Spain's reservoirs are about 77% full in mid-July 2026 — roughly 43.2 of 56.5 km³ across the 374 reservoirs in the national bulletin, and well above where the country usually sits at this point in summer. The ten-year average for early July is around 60%, so Spain is holding some 17 points more water than normal, and about 6 points more than a year ago. The picture that dominated headlines from 2022 to 2024 — a drought-stricken peninsula, Catalonia under emergency restrictions, the south running dry — has decisively reversed: even the historically driest corner, the Mediterranean southeast, is only relatively low, while the big Atlantic-draining basins of the west and centre are brimming. As of the reading dated 6 July 2026, the story is not scarcity but an unusually comfortable summer starting point. Live figures are on the Spain page.
Key takeaways
- National fill is ~77% (reading of 6 July 2026) — about 43.2 km³ of a 56.5 km³ capacity, some 17 points above the ~60% ten-year July average and up ~6 points year-on-year. Live figures on the Spain page.

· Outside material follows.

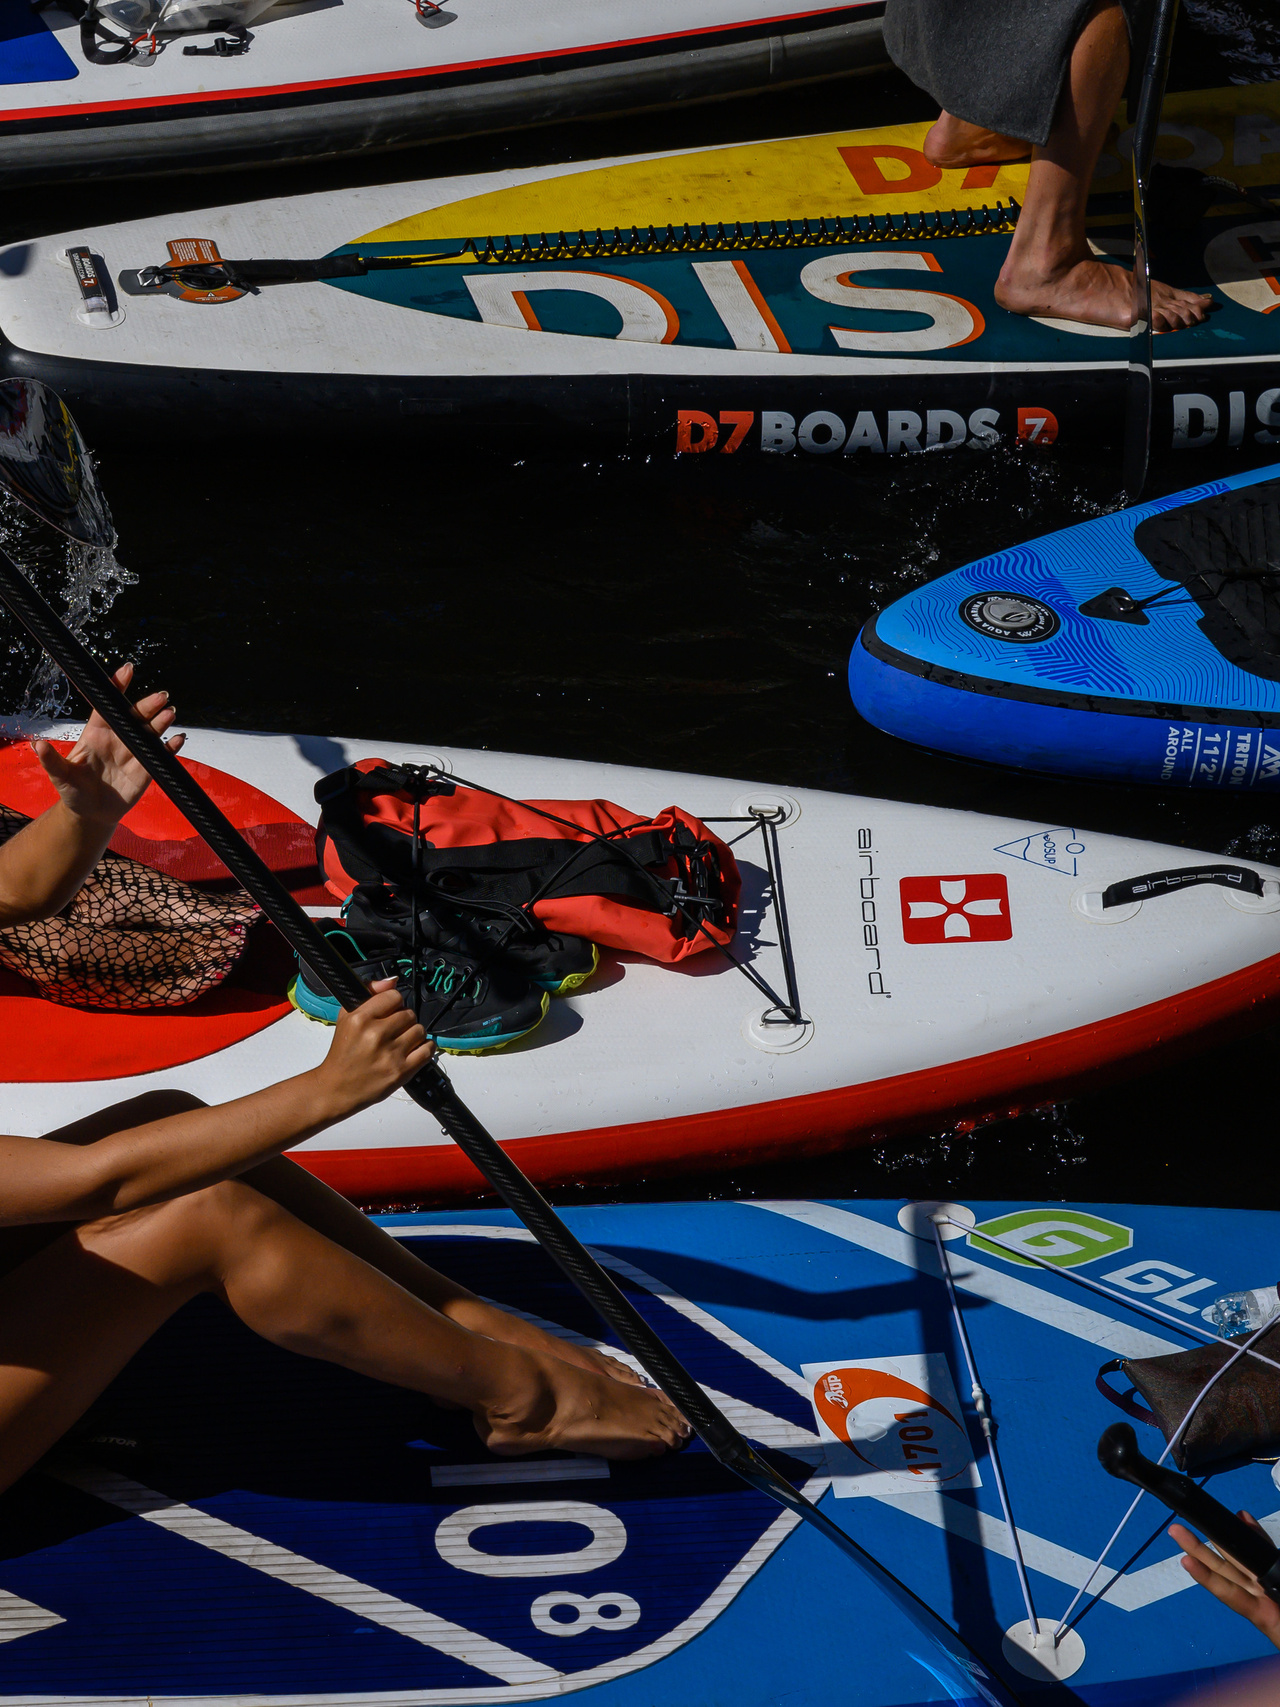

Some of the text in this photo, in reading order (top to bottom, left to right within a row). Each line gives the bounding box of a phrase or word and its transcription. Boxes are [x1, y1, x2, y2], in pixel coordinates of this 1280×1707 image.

- The 2022–2024 drought has broken. Every major river-basin authority is above 58% full, and most of the large western and central basins sit in the high 70s and low 80s.
- The southeast is the only laggard — and even it isn't in crisis. The Segura basin (
58%) and Júcar (63%) are the lowest big basins, as they almost always are, but both are far from the emergency levels of recent years. - Catalonia has recovered. The internal basins of Catalonia — under a declared drought emergency in early 2024, with Barcelona on restrictions — are now about 88% full, the fullest big system in the country.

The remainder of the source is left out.